- _Exercise directions_:
Below is a set of records; reproduce them exactly without their pictures.

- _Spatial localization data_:
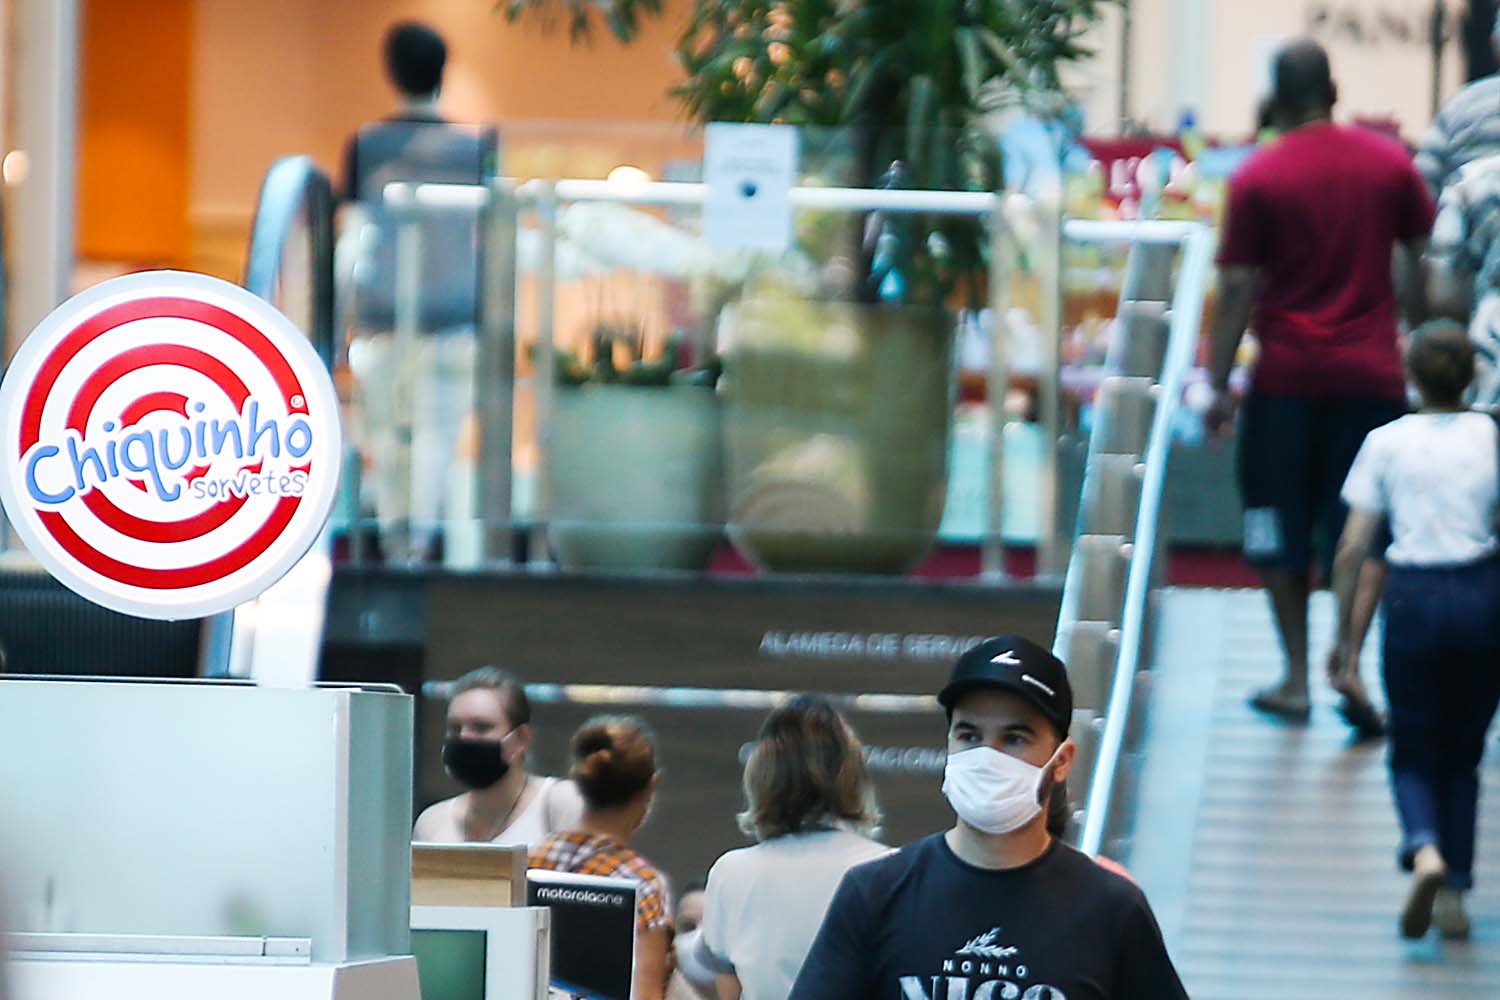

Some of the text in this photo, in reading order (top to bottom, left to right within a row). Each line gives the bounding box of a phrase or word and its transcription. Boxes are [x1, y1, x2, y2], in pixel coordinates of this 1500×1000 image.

[26, 401, 313, 504] Chiquinho
[194, 471, 305, 499] sorvetes
[942, 959, 1029, 978] NONNO
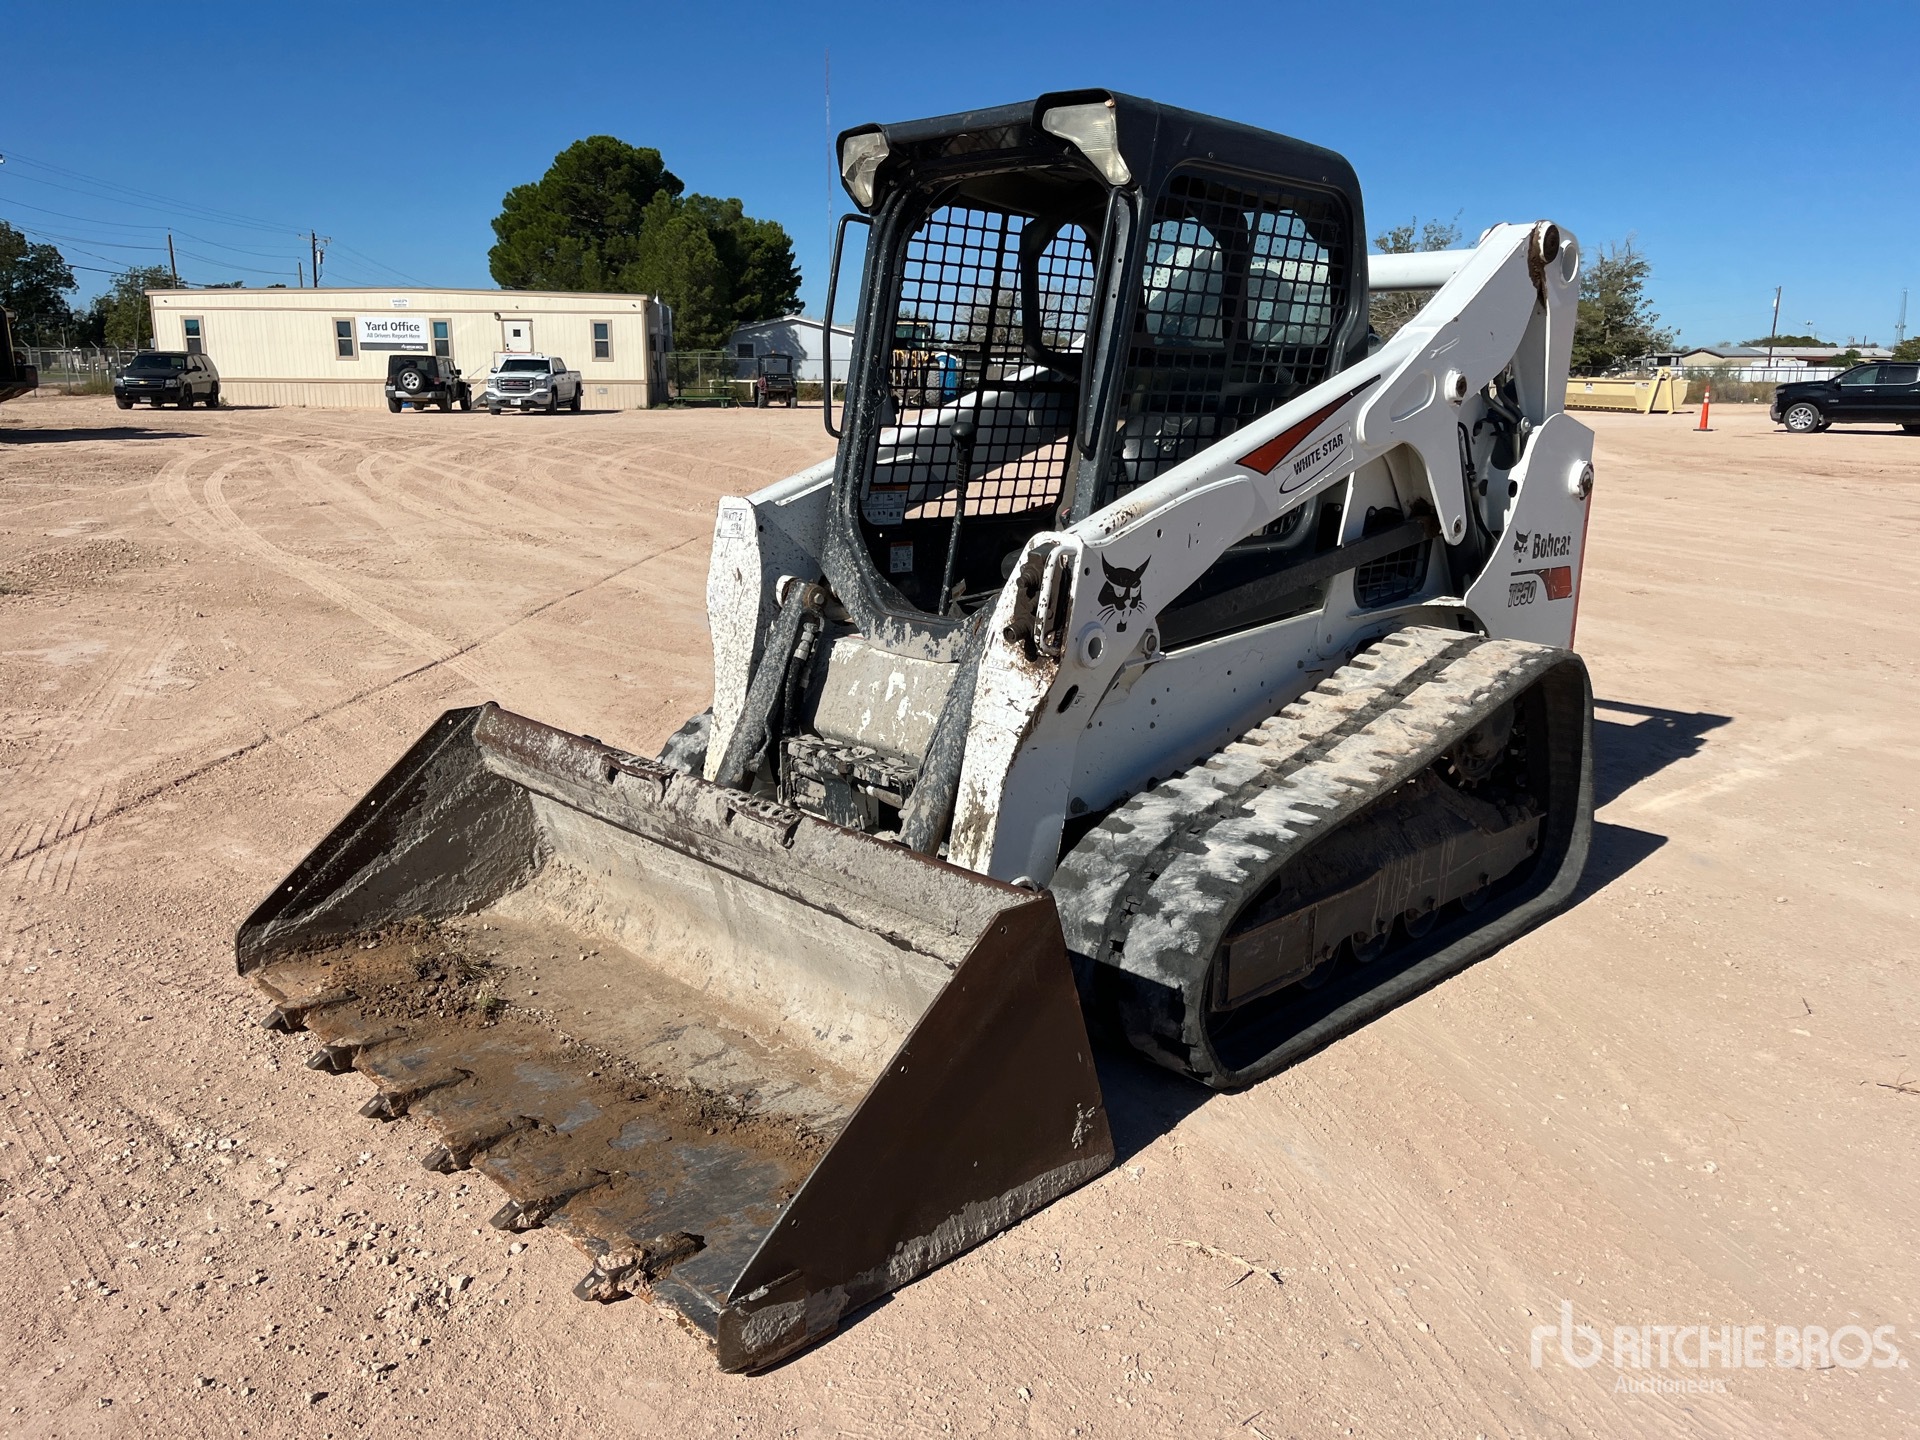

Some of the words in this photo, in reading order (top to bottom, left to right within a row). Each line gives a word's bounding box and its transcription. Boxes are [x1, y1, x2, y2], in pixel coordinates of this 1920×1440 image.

- _Expected answer_:
Some of the text in this photo, in reading order (top to bottom, left to right within a row). Each line gives the bounding box of a phrase or word and its transcription. Boxes are [x1, y1, x2, y2], in pixel coordinates of this 1500×1000 image.

[26, 401, 313, 504] Chiquinho
[194, 471, 305, 499] sorvetes
[942, 959, 1029, 978] NONNO

Some of the words in this photo, in reading order (top to bottom, left to right within a row). Each line gives a word's bounding box and its transcription. Boxes are [x1, y1, x2, y2], in pixel coordinates of this 1920×1440 image.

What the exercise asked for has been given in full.